Calculating the cost of debt is pretty simple. Debt includes any long- or short-term debt that is used to finance the operations of a business.
The biggest influence on the cost of debt is simply the interest rate on debt incurred, measured by using the current value of future cash flows to repay the loans. Well, you’re looking at the same thing from the perspective of corporate costs of debt rather than investor potential for debt.
Still, if the time value of money was the only influence, you’d simply use the yield to maturity on all the corporation’s debt to determine the cost of debt.
You need to consider a number of issues, though:
Default risk isn’t a direct cost, but a company must anticipate that as the amount and proportion of debt it takes on increases, so, too, will the rate of return it must promise to attract investors increase.

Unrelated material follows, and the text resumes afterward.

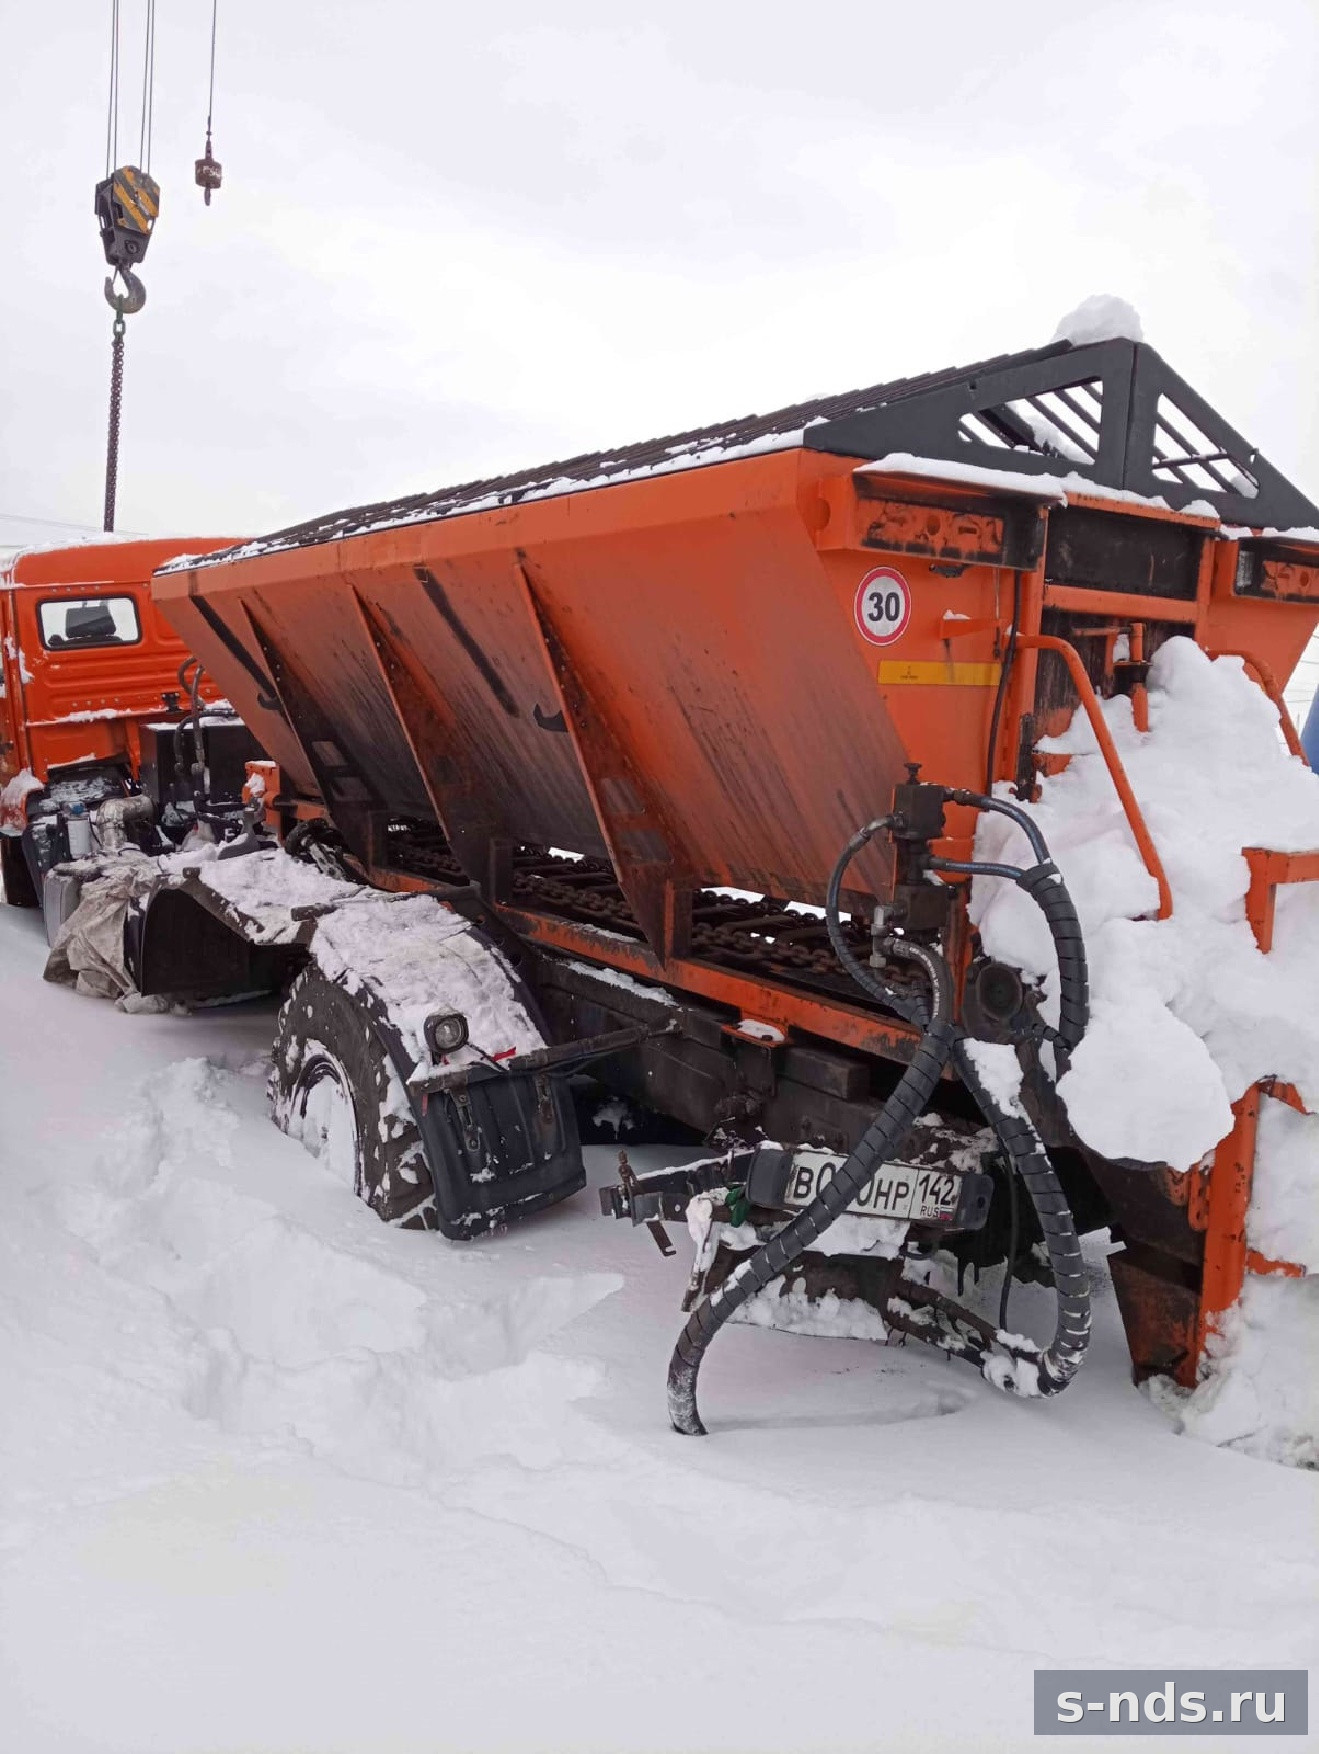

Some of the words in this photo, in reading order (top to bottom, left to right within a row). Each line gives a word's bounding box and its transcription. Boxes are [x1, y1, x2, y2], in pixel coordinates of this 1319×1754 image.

[868, 592, 900, 622] 30
[919, 1173, 955, 1206] 142
[920, 1205, 939, 1219] RUS

A corporation with high amounts of debt or a high debt-to-equity ratio is at greater default risk, so to attract more investors looking for debt, it must offer higher rates. As a result, debt will become increasingly more expensive as the company relies on it more heavily.
Debt expenses are very frequently tax-deductible, decreasing the relative cost of debt. To calculate the tax rate applicable for debt capital, you simply multiple the pre-tax rate by (1-marginal tax rate), to get the after-tax rate, which is obviously lower by an amount equal to the proportion deducted for tax purposes.